*Work request*
Type out the lines below exactly, pictures excluded.

### Dataset ###

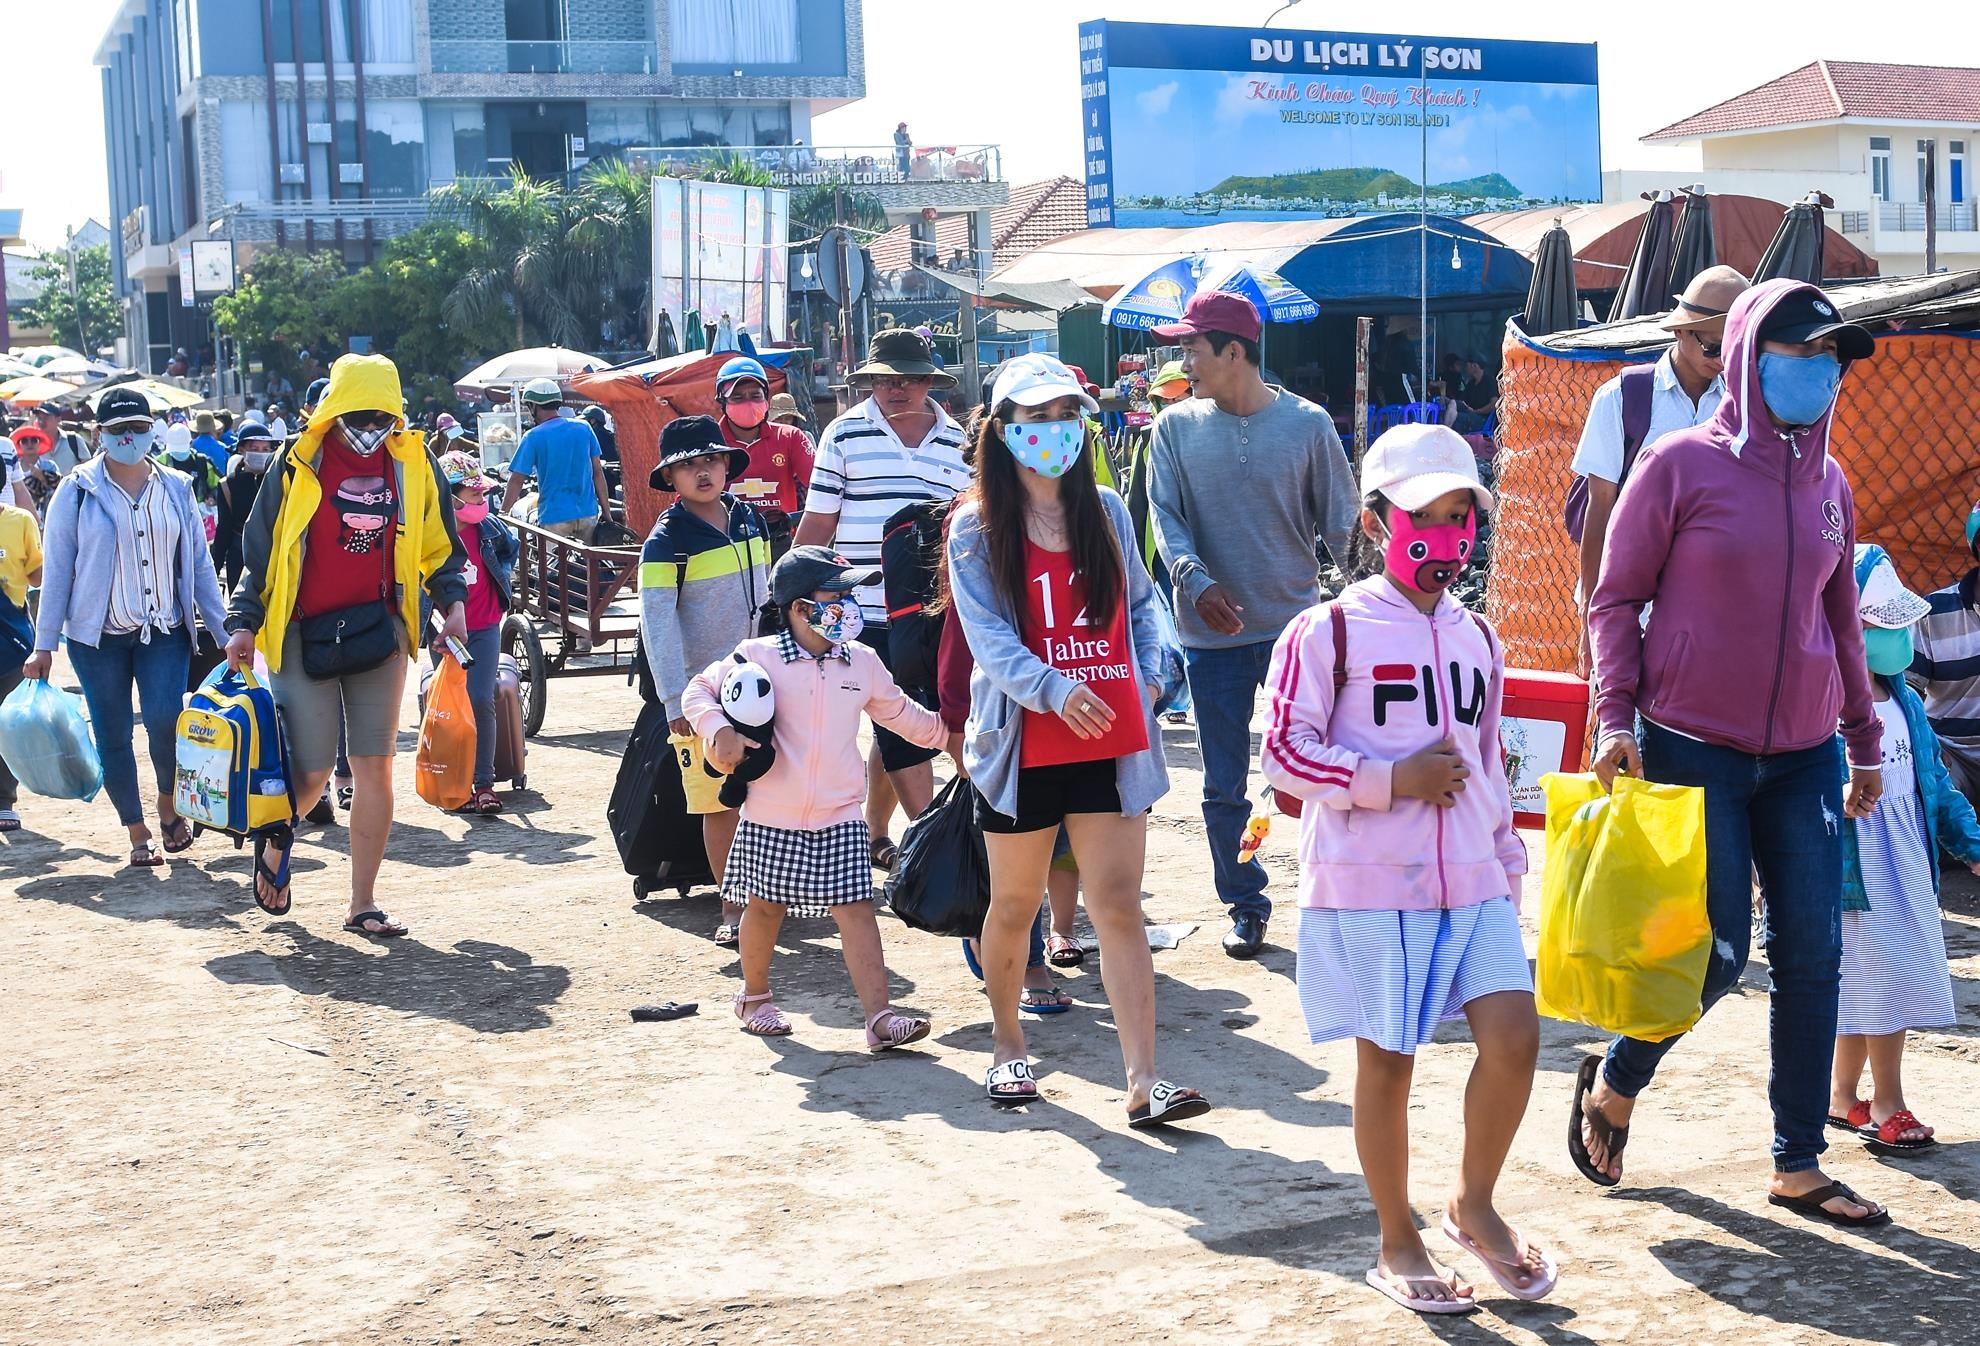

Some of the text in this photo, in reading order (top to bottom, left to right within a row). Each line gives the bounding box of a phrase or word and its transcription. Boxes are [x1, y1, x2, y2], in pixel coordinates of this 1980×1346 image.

[1250, 39, 1482, 70] DU LỊCH LÝ SƠN
[1360, 84, 1399, 107] Quý
[1280, 110, 1340, 125] WELCOME
[1342, 111, 1359, 125] TO
[1361, 112, 1376, 125] LY
[1377, 113, 1401, 126] SON
[1403, 114, 1443, 127] ISLND
[791, 172, 849, 185] NGUYN
[853, 171, 905, 184] COFFEE
[1116, 312, 1137, 325] 0917
[1139, 315, 1156, 328] 666
[1273, 303, 1316, 320] 0917 666 999
[1043, 634, 1110, 667] Jahre
[1372, 661, 1486, 730] FILA
[681, 748, 692, 768] 3

###

*Task output*
Some of the text in this photo, in reading order (top to bottom, left to right within a row). Each line gives the bounding box of a phrase or word and its transcription. Boxes are [x1, y1, x2, y2], in pixel coordinates of this 1980×1346 image.

[1250, 39, 1482, 70] DU LỊCH LÝ SƠN
[1360, 84, 1399, 107] Quý
[1280, 110, 1340, 125] WELCOME
[1342, 111, 1359, 125] TO
[1361, 112, 1376, 125] LY
[1377, 113, 1401, 126] SON
[1403, 114, 1443, 127] ISLND
[791, 172, 849, 185] NGUYN
[853, 171, 905, 184] COFFEE
[1116, 312, 1137, 325] 0917
[1139, 315, 1156, 328] 666
[1273, 303, 1316, 320] 0917 666 999
[1043, 634, 1110, 667] Jahre
[1372, 661, 1486, 730] FILA
[681, 748, 692, 768] 3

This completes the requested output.